**Exercise instructions**
Retype, without alteration, each line from the line containing "Some of the text" to the final line of the records.

(Dataset excerpts)

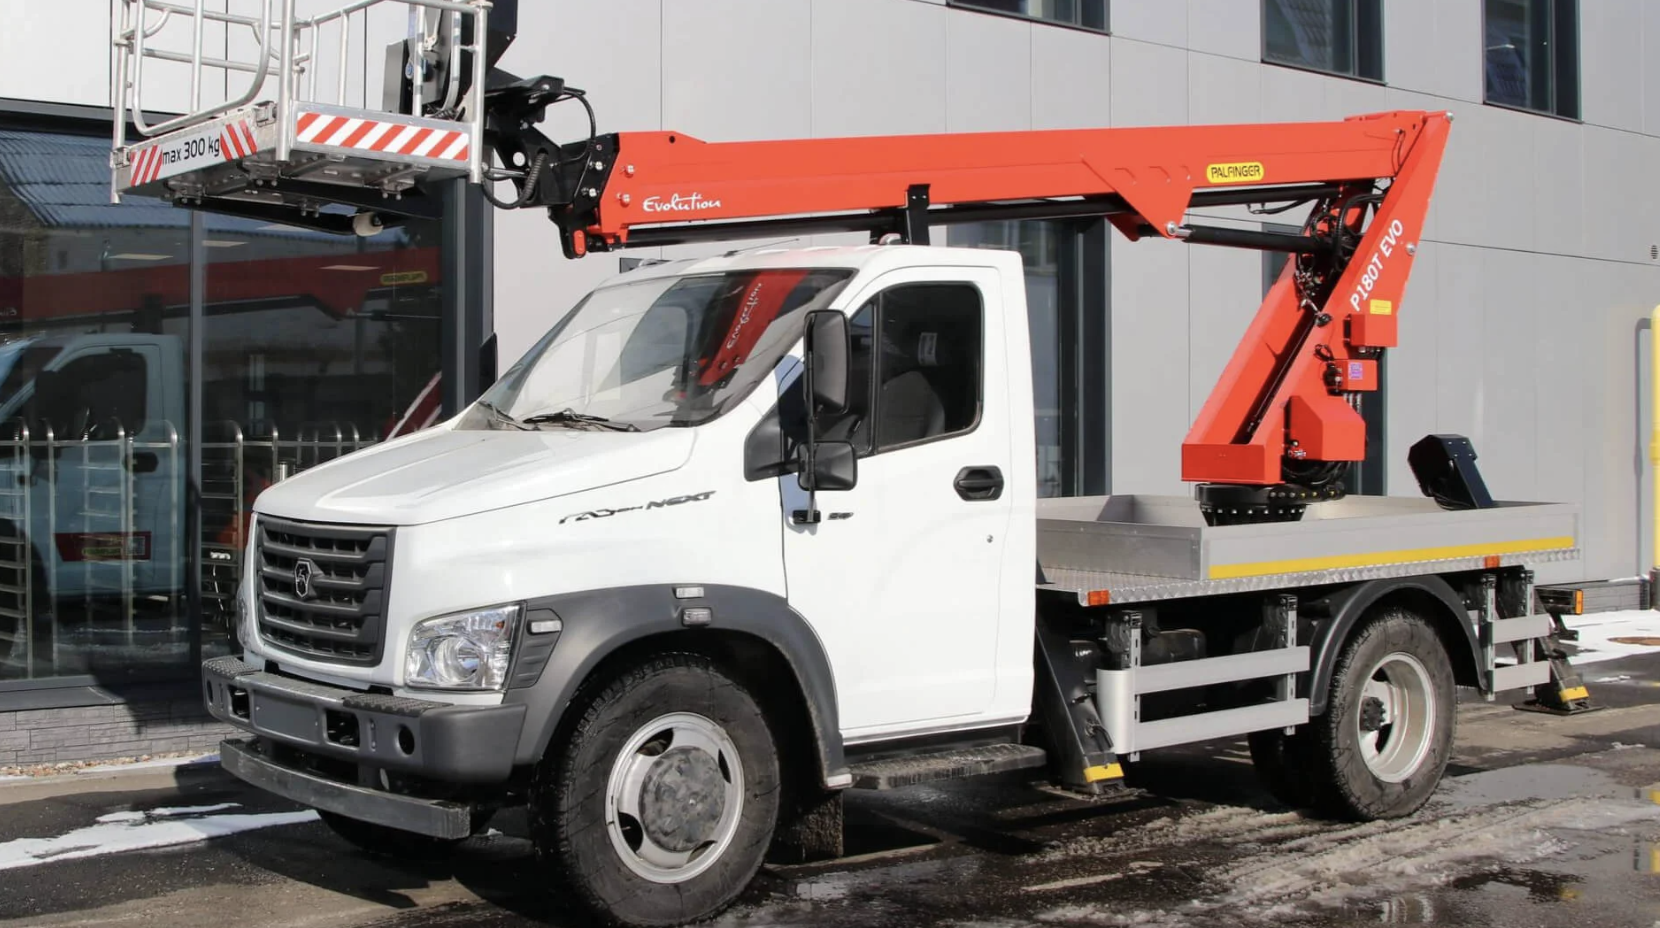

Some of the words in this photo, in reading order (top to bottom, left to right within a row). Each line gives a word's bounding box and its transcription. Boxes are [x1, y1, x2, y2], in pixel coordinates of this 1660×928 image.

[162, 147, 181, 165] max
[183, 138, 206, 160] 300
[208, 136, 221, 157] kg
[1210, 164, 1261, 179] PALFINGER
[642, 192, 721, 212] Evolution
[1350, 252, 1383, 312] P180T
[1380, 219, 1403, 258] EVO
[645, 490, 716, 510] NEXT
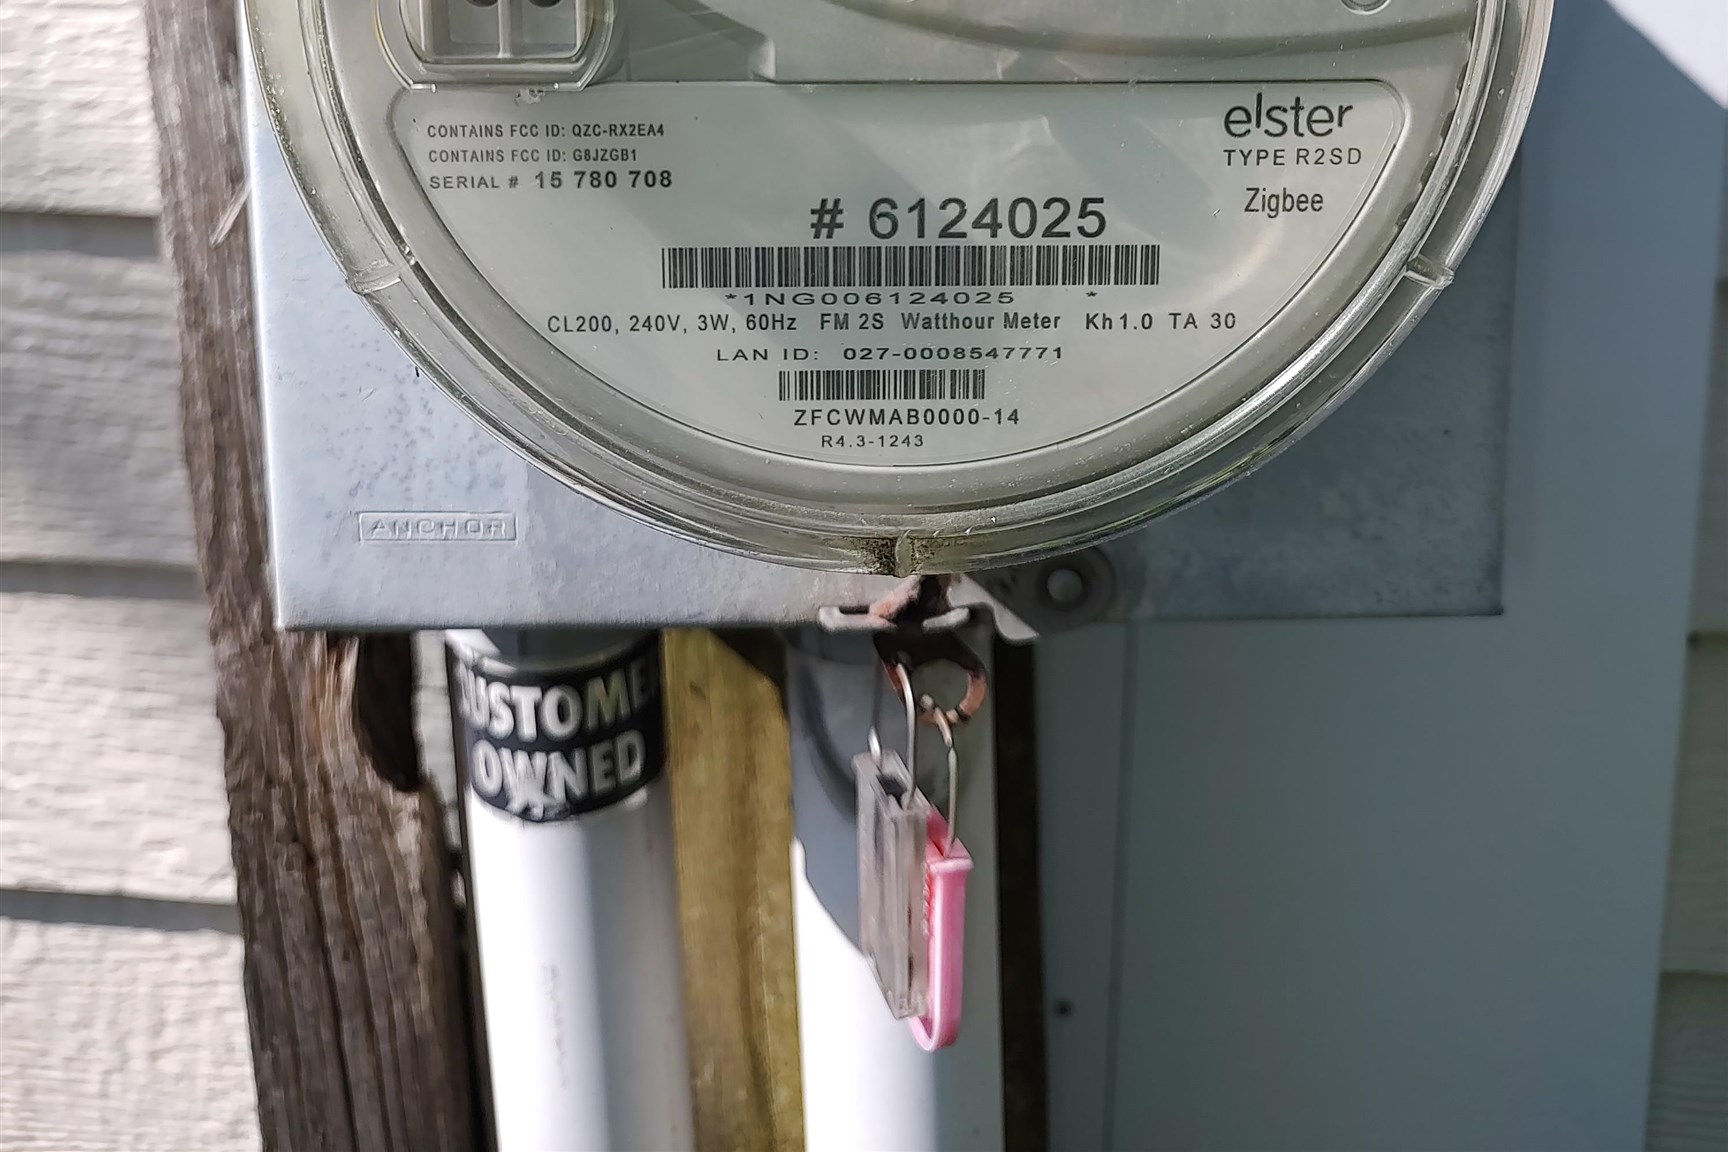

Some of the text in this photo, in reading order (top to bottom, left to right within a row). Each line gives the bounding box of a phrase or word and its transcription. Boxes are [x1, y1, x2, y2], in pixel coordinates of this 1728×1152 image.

[1224, 92, 1354, 138] elster
[427, 123, 665, 138] CONTAINS FCC ID: QZC-RX2EA4
[428, 148, 638, 163] CONTAINS FCC ID: G8JZGB1
[1222, 147, 1362, 166] TYPE R2SD
[429, 170, 673, 189] SERIAL # 15 780 708
[1244, 186, 1324, 219] Zigbee
[810, 197, 1107, 239] # 6124025
[547, 314, 619, 335] CL200,
[628, 314, 688, 334] 240V,
[697, 313, 736, 334] 3W,
[745, 312, 798, 330] 60Hz
[819, 312, 850, 330] FM
[857, 311, 885, 330] 2S
[900, 311, 996, 329] Watthour
[1003, 311, 1062, 329] Meter
[1168, 312, 1199, 329] TA
[1210, 312, 1237, 329] 30
[716, 346, 1062, 361] LAN ID: 027-0008547771
[793, 407, 1020, 426] ZFCWMAB0000-14
[821, 434, 924, 448] R4.3-1243
[369, 518, 506, 539] ANCHOR
[472, 728, 647, 808] OWNED

(End Dataset excerpts)

**Answer to the exercise**
Some of the text in this photo, in reading order (top to bottom, left to right within a row). Each line gives the bounding box of a phrase or word and its transcription. Boxes are [x1, y1, x2, y2], in pixel coordinates of this 1728×1152 image.

[1224, 92, 1354, 138] elster
[427, 123, 665, 138] CONTAINS FCC ID: QZC-RX2EA4
[428, 148, 638, 163] CONTAINS FCC ID: G8JZGB1
[1222, 147, 1362, 166] TYPE R2SD
[429, 170, 673, 189] SERIAL # 15 780 708
[1244, 186, 1324, 219] Zigbee
[810, 197, 1107, 239] # 6124025
[547, 314, 619, 335] CL200,
[628, 314, 688, 334] 240V,
[697, 313, 736, 334] 3W,
[745, 312, 798, 330] 60Hz
[819, 312, 850, 330] FM
[857, 311, 885, 330] 2S
[900, 311, 996, 329] Watthour
[1003, 311, 1062, 329] Meter
[1168, 312, 1199, 329] TA
[1210, 312, 1237, 329] 30
[716, 346, 1062, 361] LAN ID: 027-0008547771
[793, 407, 1020, 426] ZFCWMAB0000-14
[821, 434, 924, 448] R4.3-1243
[369, 518, 506, 539] ANCHOR
[472, 728, 647, 808] OWNED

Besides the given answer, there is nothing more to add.